Problem requirements: Print each line exactly, from the one with "this 1536×1020 image." to the very last line of the listing, and keep the pictures out.

Information given:
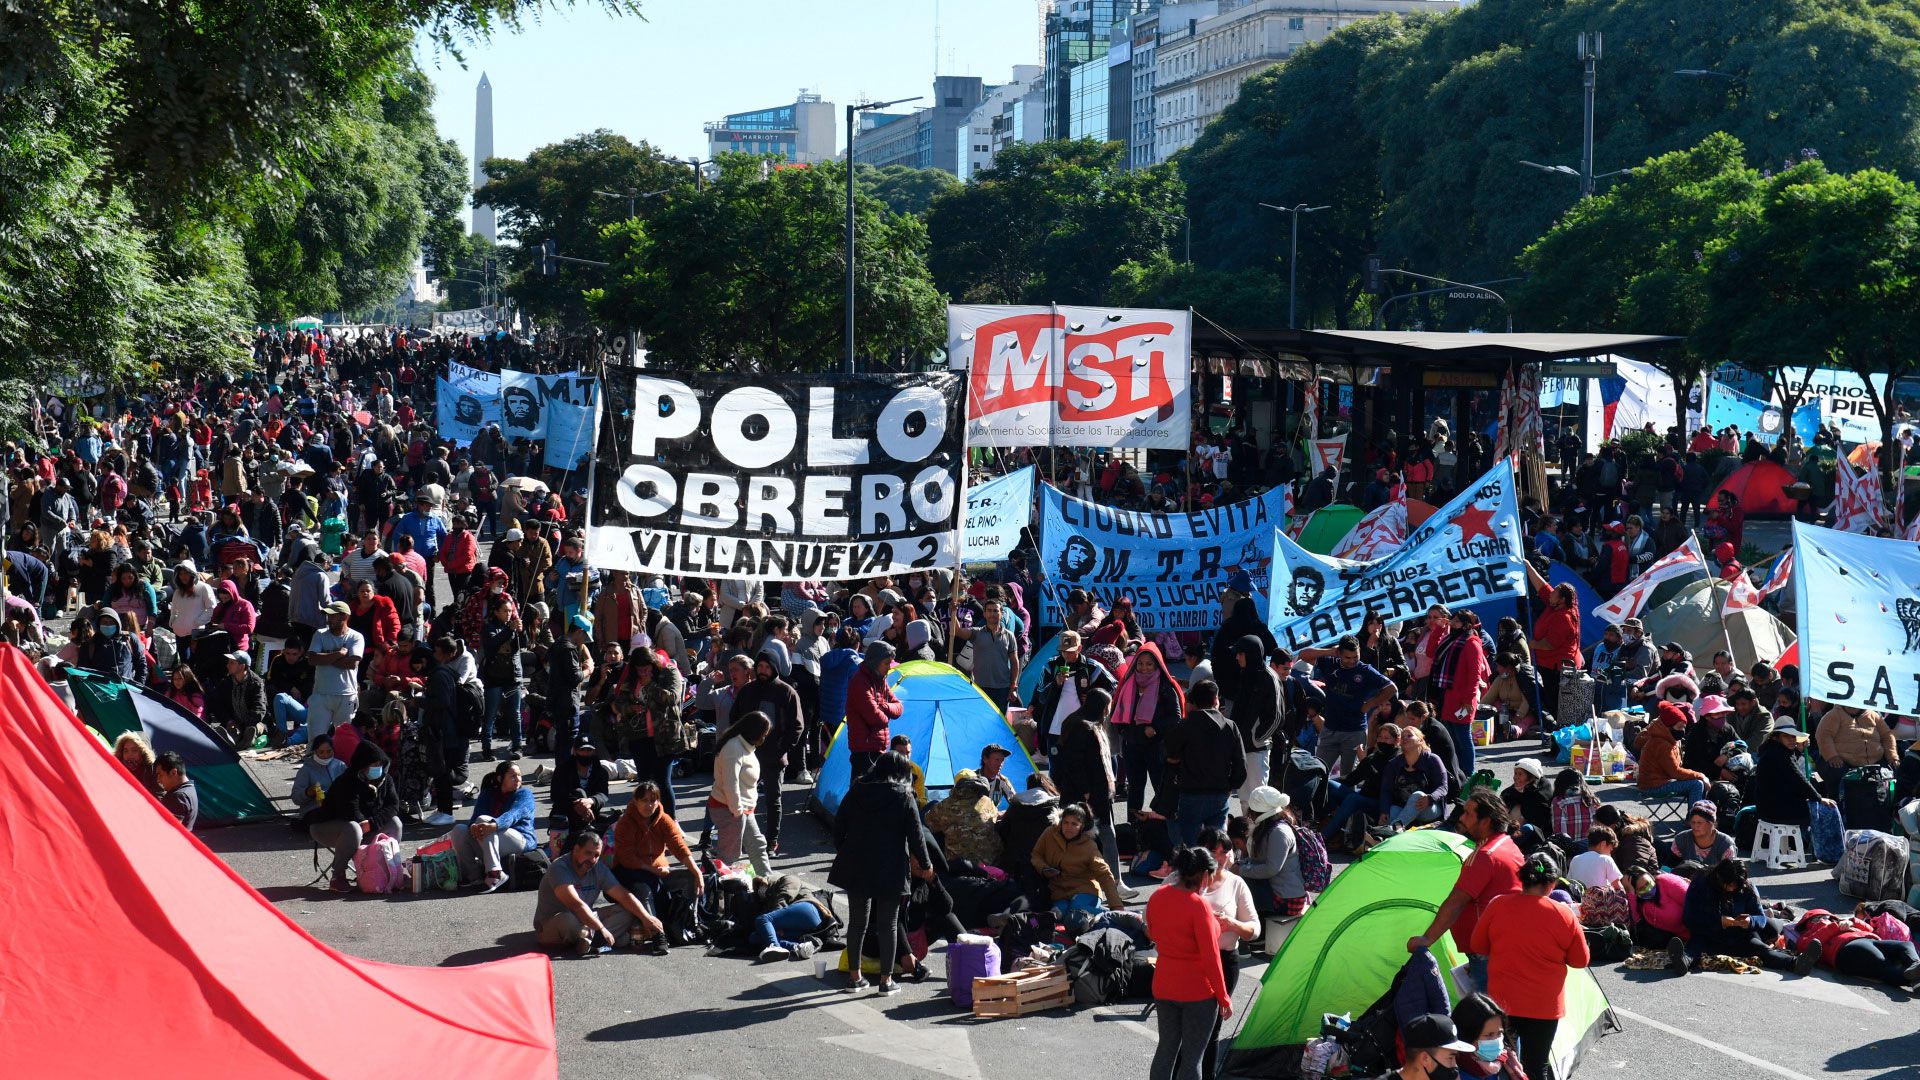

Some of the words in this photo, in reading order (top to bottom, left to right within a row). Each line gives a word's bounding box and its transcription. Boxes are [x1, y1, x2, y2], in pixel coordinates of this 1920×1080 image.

[984, 326, 1165, 412] MST
[631, 374, 947, 468] POLO
[1831, 398, 1875, 418] PIE
[968, 425, 1024, 438] Movimiento
[1027, 425, 1071, 437] Socialista
[1073, 425, 1087, 436] de
[1089, 425, 1102, 437] los
[1105, 425, 1169, 440] Trabajadores
[616, 464, 955, 536] OBRERO
[1061, 495, 1173, 539] CIUDAD
[1186, 495, 1268, 539] EVITA
[630, 530, 893, 578] VILLANUEVA
[911, 536, 939, 569] 2
[968, 535, 1000, 547] LUCHAR
[1169, 609, 1208, 628] CAMBIO
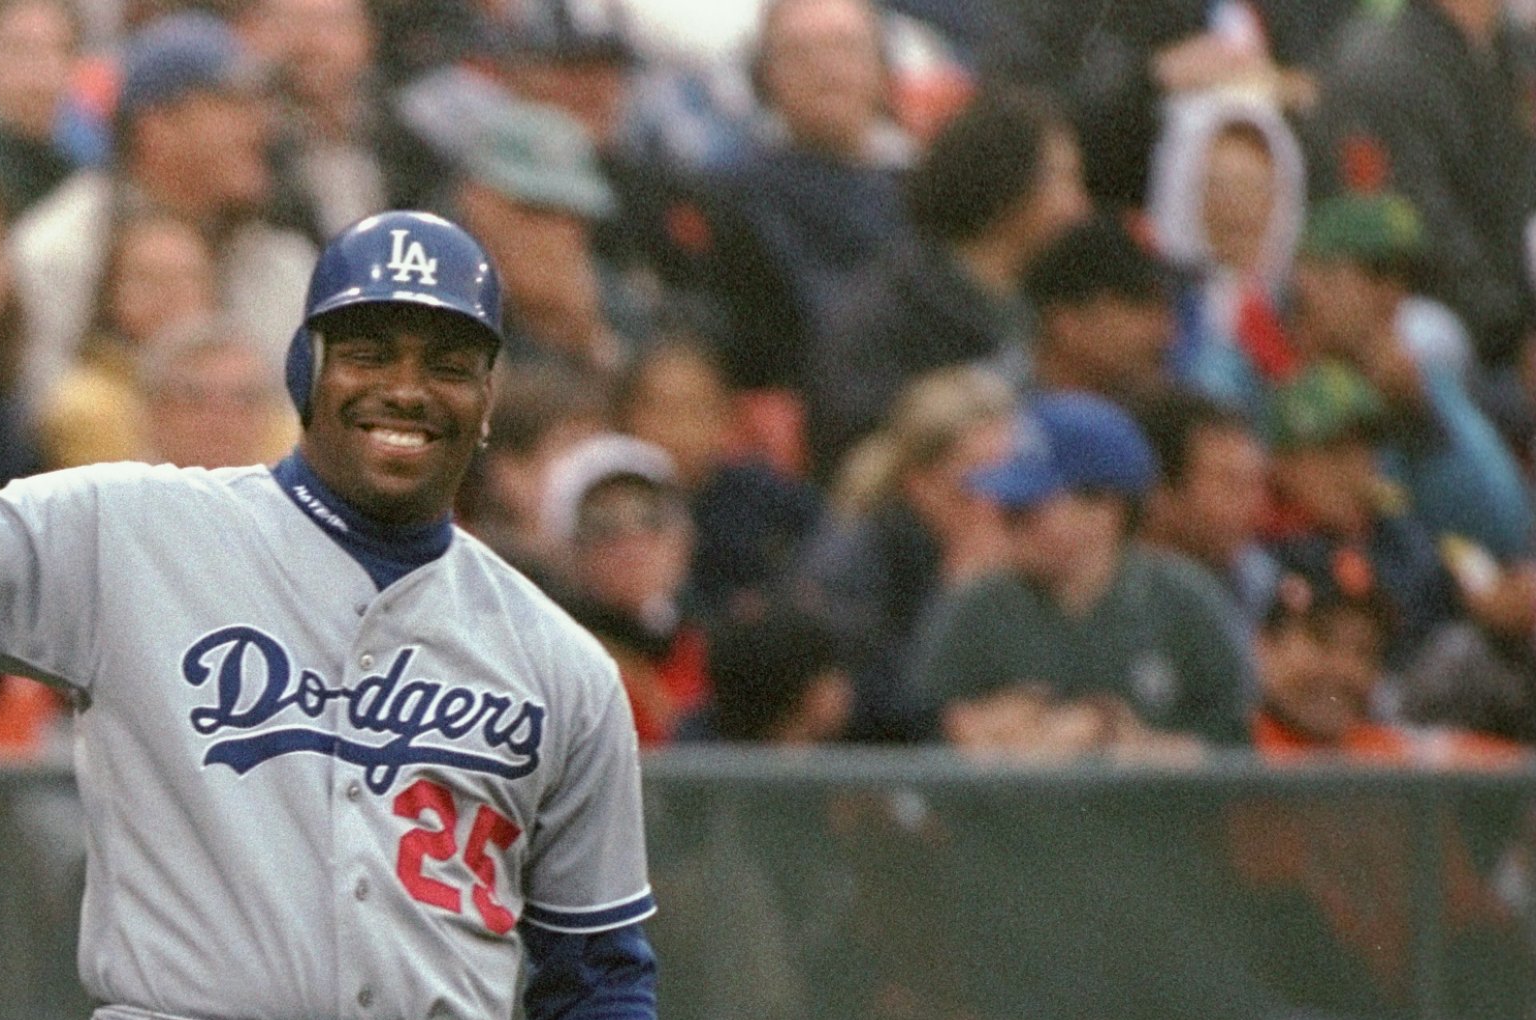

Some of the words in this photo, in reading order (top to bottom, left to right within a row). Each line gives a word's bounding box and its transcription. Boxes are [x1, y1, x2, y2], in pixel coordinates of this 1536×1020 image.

[386, 228, 438, 286] LA
[180, 623, 548, 797] Dodgers
[391, 777, 525, 937] 25
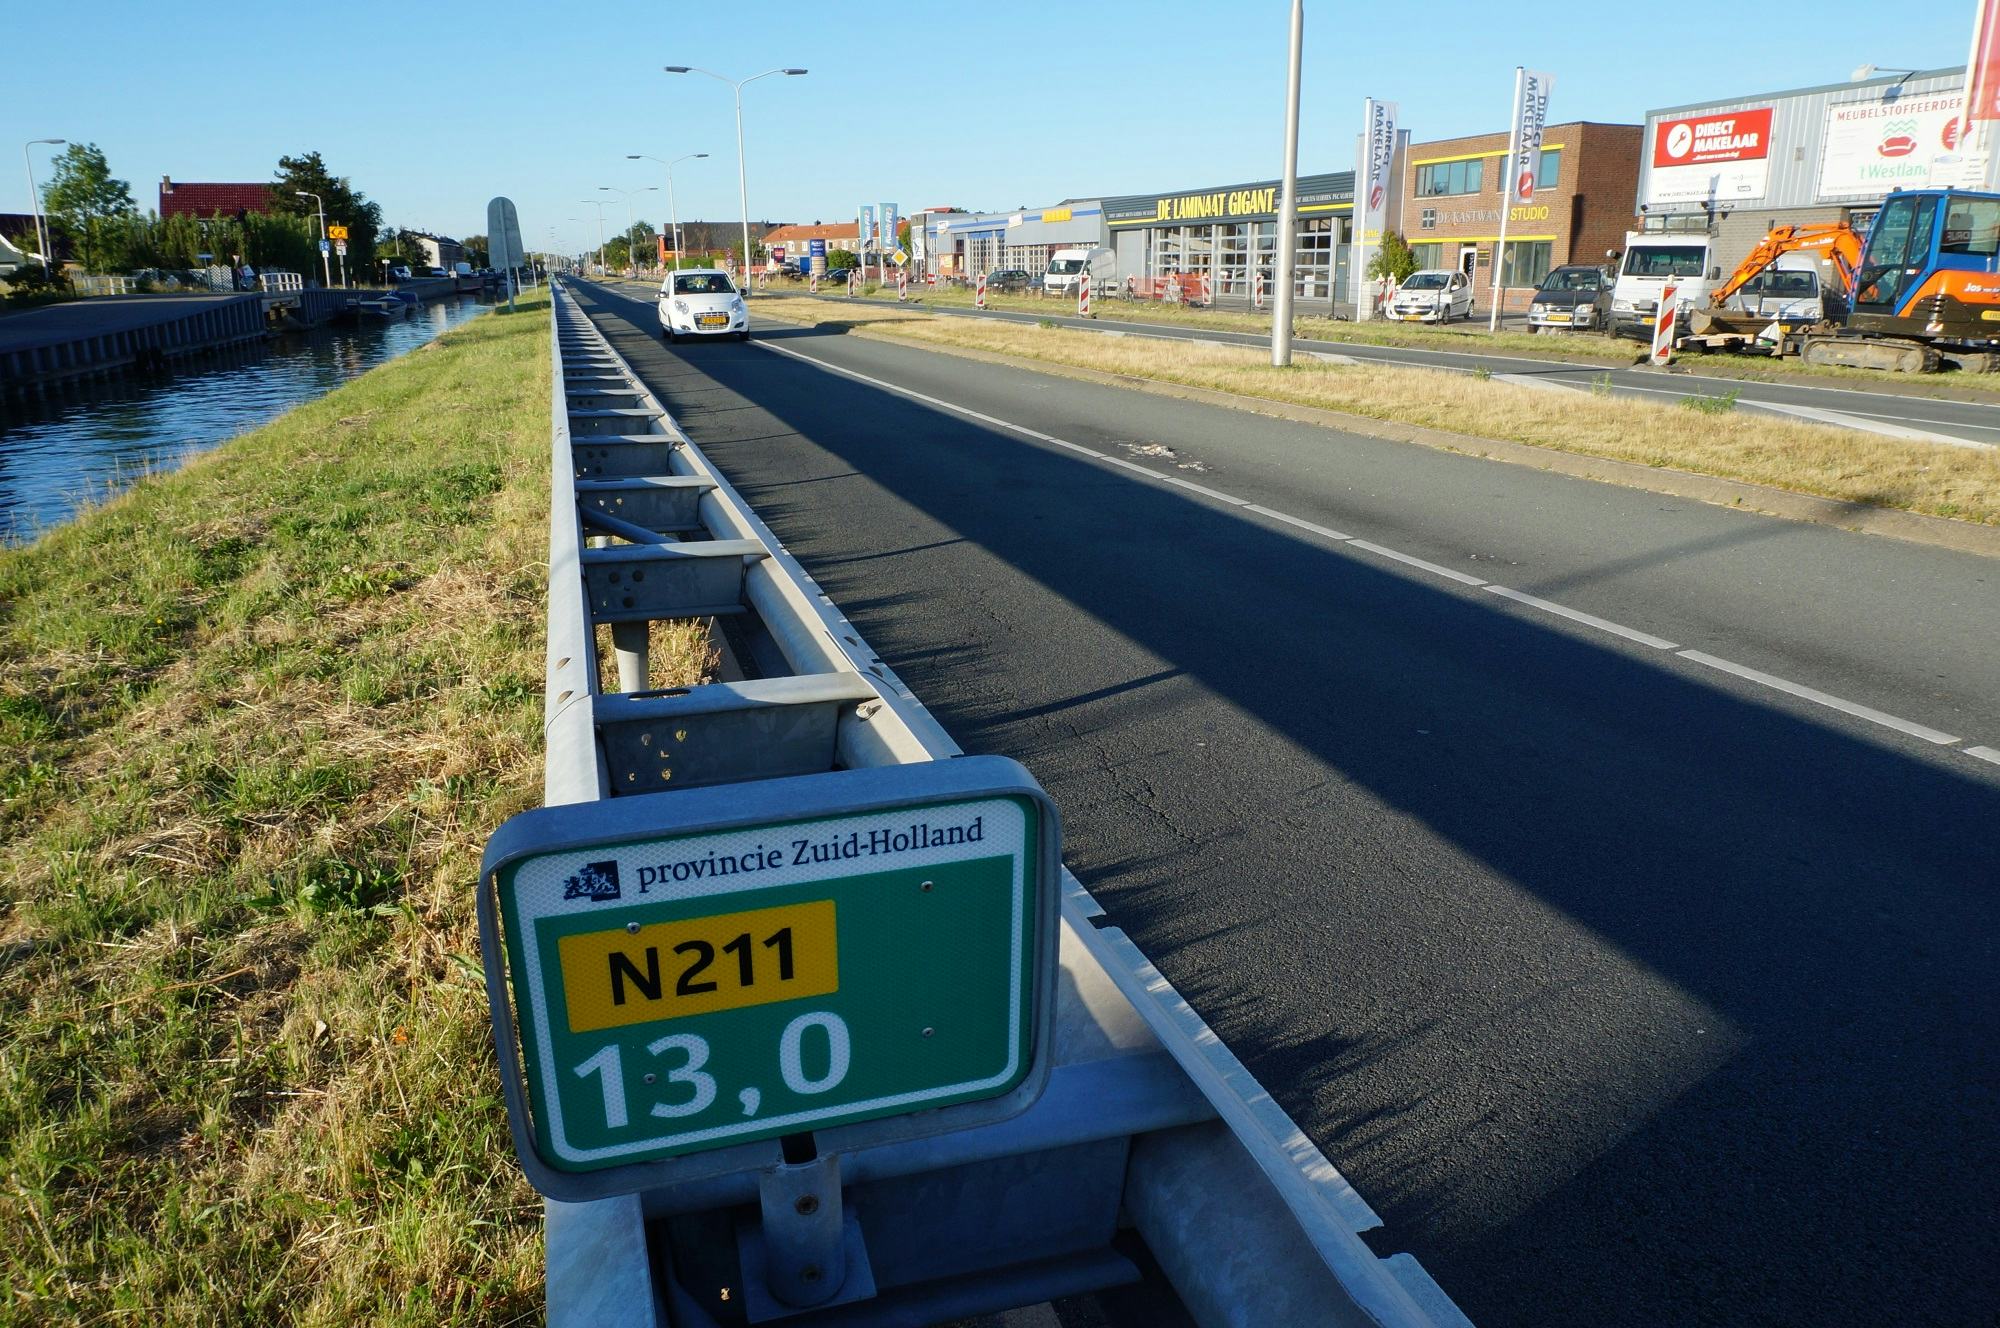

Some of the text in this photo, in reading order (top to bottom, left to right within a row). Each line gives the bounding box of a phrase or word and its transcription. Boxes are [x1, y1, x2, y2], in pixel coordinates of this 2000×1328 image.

[1372, 104, 1384, 181] MAKELAAR
[1383, 120, 1393, 167] DIRECT
[1520, 76, 1538, 166] MAKELAAR
[1533, 95, 1547, 148] DIRECT
[1693, 132, 1759, 153] MAKELAAR
[1695, 119, 1736, 138] DIRECT
[1157, 188, 1275, 221] DE LAMINAAT GIGANT
[1510, 206, 1549, 221] STUDIO
[635, 816, 985, 894] provincie Zuid-Holland
[608, 927, 795, 1006] N211
[572, 1011, 852, 1130] 13,0

Result:
Some of the words in this photo, in reading order (top to bottom, left to right within a row). Each line gives a word's bounding box and its transcription. Boxes are [x1, y1, x2, y2], in pixel coordinates of this 1536×1020 image.

[386, 228, 438, 286] LA
[180, 623, 548, 797] Dodgers
[391, 777, 525, 937] 25

Some of the text in this photo, in reading order (top to bottom, left to right within a row). Each line gives the bounding box of a phrase or word and its transcription. Boxes are [x1, y1, x2, y2], in pixel coordinates of this 2000×1328 image.

[1372, 104, 1384, 181] MAKELAAR
[1383, 120, 1393, 167] DIRECT
[1520, 76, 1538, 166] MAKELAAR
[1533, 95, 1547, 148] DIRECT
[1693, 132, 1759, 153] MAKELAAR
[1695, 119, 1736, 138] DIRECT
[1157, 188, 1275, 221] DE LAMINAAT GIGANT
[1510, 206, 1549, 221] STUDIO
[635, 816, 985, 894] provincie Zuid-Holland
[608, 927, 795, 1006] N211
[572, 1011, 852, 1130] 13,0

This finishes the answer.